Enfin, les 70 M€ restants financés par le PIA, concernent des projets particuliers, comme la réalisation de l’avant-projet sommaire du Small Modular Reactor (SMR) français, le Nuward, mais aussi le projet de Technocentre dont la vocation est de valoriser les métaux très faiblement radioactifs (TFA) issus du démantèlement en France.
Quel est l’état d’avancement des projets PIA ?
La signature de l’avenant au Contrat stratégique de filière a été l’opportunité de dresser un premier état des lieux. Sur la trentaine de dossiers complets déposés à l’appel à projet, 20 projets lauréats ont été retenus pour un soutien à l’investissement, à la R&D et à la modernisation de l’industrie nucléaire. Ces 20 premiers projets lauréats, – dont Bernard Controls chez qui a été signé l’avenant -, totalisent près de 114 M€ d’investissements industriels bénéficiant d’un accompagnement de France Relance, pour un montant total de près de 32 M€ (10 entreprises PME, 6 ETI, 8 grandes entreprises). Ils visent d’une part à moderniser, développer ou (re)localiser des sites industriels au service de la filière électronucléaire afin de renforcer leur compétitivité, et d’autre part à développer la recherche et développement des projets dits « d’Usine du futur » permettant de concevoir et d’intégrer les techniques de l’usine numérique et de lever les verrous technologiques à leur performance.
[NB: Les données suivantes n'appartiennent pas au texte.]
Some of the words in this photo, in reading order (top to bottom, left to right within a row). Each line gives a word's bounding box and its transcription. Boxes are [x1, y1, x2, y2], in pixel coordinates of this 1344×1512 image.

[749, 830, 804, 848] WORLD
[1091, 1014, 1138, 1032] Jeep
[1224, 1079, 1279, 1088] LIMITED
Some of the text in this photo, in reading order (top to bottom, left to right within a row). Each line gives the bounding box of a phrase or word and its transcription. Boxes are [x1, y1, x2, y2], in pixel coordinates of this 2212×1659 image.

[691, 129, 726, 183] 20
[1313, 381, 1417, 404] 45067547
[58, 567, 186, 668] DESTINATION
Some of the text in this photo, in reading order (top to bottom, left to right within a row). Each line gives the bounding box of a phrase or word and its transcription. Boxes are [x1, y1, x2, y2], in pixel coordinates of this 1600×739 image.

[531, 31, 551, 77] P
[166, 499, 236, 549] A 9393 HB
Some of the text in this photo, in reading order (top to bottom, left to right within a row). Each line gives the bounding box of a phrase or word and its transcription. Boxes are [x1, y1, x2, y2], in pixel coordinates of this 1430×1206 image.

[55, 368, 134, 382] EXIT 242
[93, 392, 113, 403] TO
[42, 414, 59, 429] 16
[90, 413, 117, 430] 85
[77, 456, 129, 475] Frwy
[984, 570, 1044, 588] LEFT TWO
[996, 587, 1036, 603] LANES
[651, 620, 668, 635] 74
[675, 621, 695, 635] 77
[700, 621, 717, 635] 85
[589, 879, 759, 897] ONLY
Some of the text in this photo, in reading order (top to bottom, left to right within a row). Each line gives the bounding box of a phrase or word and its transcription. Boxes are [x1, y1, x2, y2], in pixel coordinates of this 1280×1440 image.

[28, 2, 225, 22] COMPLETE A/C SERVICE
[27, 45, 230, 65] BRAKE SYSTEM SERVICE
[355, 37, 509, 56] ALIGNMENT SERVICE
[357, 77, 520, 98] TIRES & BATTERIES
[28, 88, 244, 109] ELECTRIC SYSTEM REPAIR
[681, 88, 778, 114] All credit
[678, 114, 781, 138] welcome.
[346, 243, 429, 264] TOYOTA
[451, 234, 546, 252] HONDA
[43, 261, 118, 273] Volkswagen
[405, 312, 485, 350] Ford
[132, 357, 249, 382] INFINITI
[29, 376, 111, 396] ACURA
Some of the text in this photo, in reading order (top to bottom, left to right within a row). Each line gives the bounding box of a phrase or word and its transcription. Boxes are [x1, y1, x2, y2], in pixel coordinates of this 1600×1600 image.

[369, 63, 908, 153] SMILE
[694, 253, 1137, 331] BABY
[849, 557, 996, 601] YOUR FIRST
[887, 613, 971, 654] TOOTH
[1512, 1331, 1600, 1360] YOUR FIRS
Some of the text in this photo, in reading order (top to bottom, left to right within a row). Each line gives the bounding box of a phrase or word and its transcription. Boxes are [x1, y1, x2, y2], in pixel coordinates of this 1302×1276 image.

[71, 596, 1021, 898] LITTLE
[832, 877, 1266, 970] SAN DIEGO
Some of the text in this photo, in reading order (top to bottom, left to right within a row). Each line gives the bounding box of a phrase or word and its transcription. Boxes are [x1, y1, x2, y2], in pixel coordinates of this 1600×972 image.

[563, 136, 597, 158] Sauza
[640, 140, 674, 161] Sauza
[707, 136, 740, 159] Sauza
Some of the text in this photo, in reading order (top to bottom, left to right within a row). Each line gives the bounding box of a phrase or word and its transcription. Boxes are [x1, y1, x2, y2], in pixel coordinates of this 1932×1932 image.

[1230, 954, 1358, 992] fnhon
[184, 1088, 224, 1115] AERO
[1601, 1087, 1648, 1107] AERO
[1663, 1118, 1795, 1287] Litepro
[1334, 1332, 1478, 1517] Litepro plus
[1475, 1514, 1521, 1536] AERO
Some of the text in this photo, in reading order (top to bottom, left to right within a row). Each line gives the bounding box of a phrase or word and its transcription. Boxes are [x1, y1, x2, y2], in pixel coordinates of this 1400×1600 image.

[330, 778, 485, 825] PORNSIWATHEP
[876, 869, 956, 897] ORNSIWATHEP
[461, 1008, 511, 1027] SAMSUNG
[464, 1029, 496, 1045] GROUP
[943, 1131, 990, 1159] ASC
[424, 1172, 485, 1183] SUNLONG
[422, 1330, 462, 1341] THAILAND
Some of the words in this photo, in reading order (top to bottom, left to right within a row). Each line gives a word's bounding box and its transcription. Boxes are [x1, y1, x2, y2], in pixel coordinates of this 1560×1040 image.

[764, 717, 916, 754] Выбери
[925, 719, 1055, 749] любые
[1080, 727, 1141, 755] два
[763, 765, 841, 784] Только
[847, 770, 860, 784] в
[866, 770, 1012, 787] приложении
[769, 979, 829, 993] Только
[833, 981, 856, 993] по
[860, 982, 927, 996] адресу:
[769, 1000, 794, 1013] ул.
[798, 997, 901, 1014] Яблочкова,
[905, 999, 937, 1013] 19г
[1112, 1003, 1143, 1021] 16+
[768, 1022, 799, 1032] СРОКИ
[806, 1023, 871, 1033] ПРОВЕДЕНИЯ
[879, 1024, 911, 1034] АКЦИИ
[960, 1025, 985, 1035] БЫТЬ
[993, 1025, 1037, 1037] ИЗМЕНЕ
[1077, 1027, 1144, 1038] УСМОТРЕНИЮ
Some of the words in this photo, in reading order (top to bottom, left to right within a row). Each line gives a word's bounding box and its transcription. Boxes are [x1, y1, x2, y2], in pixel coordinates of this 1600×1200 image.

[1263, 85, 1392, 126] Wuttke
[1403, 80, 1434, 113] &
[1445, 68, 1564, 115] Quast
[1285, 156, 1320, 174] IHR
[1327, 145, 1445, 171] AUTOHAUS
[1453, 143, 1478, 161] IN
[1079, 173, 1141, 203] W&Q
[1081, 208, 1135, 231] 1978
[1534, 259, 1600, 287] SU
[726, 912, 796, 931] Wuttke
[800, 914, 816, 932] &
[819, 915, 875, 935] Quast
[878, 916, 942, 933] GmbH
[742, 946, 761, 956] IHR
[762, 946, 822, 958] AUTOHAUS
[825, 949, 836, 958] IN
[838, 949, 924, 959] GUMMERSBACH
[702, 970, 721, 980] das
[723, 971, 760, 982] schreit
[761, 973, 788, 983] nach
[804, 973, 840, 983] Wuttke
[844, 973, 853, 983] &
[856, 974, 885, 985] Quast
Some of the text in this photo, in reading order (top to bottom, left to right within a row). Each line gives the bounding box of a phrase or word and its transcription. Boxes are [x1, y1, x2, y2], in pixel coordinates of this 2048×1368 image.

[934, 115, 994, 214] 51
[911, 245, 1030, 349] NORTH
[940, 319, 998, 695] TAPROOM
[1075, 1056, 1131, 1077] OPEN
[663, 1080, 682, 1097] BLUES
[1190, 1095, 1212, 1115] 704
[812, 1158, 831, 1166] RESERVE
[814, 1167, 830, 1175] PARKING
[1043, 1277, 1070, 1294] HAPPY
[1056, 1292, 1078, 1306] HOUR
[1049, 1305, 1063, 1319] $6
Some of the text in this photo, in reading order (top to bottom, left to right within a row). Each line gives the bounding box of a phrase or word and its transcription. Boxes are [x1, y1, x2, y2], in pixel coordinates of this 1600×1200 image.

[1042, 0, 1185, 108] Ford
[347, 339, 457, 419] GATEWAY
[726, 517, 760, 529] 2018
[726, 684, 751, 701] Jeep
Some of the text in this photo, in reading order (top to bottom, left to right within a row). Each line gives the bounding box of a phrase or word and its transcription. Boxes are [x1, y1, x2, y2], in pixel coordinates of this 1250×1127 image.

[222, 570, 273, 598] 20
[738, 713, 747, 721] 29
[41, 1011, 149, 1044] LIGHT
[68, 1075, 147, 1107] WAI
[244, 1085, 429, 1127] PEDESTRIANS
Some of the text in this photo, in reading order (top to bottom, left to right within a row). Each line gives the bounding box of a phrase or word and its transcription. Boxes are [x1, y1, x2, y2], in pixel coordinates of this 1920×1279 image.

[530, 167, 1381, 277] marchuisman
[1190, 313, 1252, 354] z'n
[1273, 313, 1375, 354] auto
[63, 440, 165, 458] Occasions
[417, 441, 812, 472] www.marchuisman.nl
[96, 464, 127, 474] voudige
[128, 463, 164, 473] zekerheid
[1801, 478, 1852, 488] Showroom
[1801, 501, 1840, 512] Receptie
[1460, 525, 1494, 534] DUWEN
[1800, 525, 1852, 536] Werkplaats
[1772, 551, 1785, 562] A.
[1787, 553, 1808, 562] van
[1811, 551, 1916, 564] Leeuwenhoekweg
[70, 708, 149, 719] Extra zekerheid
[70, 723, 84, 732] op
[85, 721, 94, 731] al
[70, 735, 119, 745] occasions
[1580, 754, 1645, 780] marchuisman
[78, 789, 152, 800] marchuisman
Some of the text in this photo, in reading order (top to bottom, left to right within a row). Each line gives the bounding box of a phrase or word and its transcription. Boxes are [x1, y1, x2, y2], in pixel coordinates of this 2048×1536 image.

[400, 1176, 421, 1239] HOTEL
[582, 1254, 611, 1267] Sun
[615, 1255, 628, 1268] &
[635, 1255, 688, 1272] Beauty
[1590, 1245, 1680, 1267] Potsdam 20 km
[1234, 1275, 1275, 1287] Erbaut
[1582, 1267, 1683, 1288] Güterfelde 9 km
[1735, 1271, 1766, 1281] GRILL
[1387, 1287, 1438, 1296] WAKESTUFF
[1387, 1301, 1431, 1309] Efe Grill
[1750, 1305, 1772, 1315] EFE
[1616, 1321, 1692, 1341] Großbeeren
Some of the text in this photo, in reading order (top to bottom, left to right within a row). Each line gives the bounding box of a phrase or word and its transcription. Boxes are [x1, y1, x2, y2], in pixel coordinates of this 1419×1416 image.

Devant le succès de tous ces projets, le gouvernement a décidé de maintenir ouvertes les candidatures jusqu’en septembre 2021.
Un suivi de l’avancement de chacune des actions contenues dans ce plan de relance sera mis en place au niveau du CFSN, en cohérence avec les actions déjà lancées à la suite du contrat de filière signé en janvier 2019.
[1] Sfen – Nos travaux « Consultation projet de Programmation Pluriannuelle de l’Energie (PPE) », mise à jour juillet 2020 – https://www.sfen.org/positions/consultation-projet-de-programmation-pluriannuelle-de-lenergie-ppe/
[2] Rgn « Plan excell EDF, point d’avancement au 15 octobre 2020 » – https://www.sfen.org/rgn/plan-excell-edf-point-avancement-15-octobre-2020
[3] Le gouvernement français a présenté le 3 septembre 2020 le plan « France Relance », une feuille de route pour la refondation économique, sociale et écologique du pays, inscrite dans un contexte de crise sanitaire majeure. Objectif, bâtir la France de 2030. 100 milliards d’euros sont dédiés au plan de relance, 40 % financés par l’Union européenne et des fonds mobilisables par les États membres jusqu’en 2026. Sur ce montant, 35 milliards d’euros vont à l’industrie, selon 4 axes : décarboner, (re)localiser, moderniser et innover.
[4] Projet d’extension NEWTAM visant à élargir les capacités d’essais sismiques de la plateforme TAMARIS exploitée par le CEA et créée pour répondre aux besoins de qualification sismique des équipements de l’industrie électronucléaire ; projet d’installation PLINIUS 2 visant l’amélioration de la sûreté des réacteurs nucléaires et l’étude des accidents graves.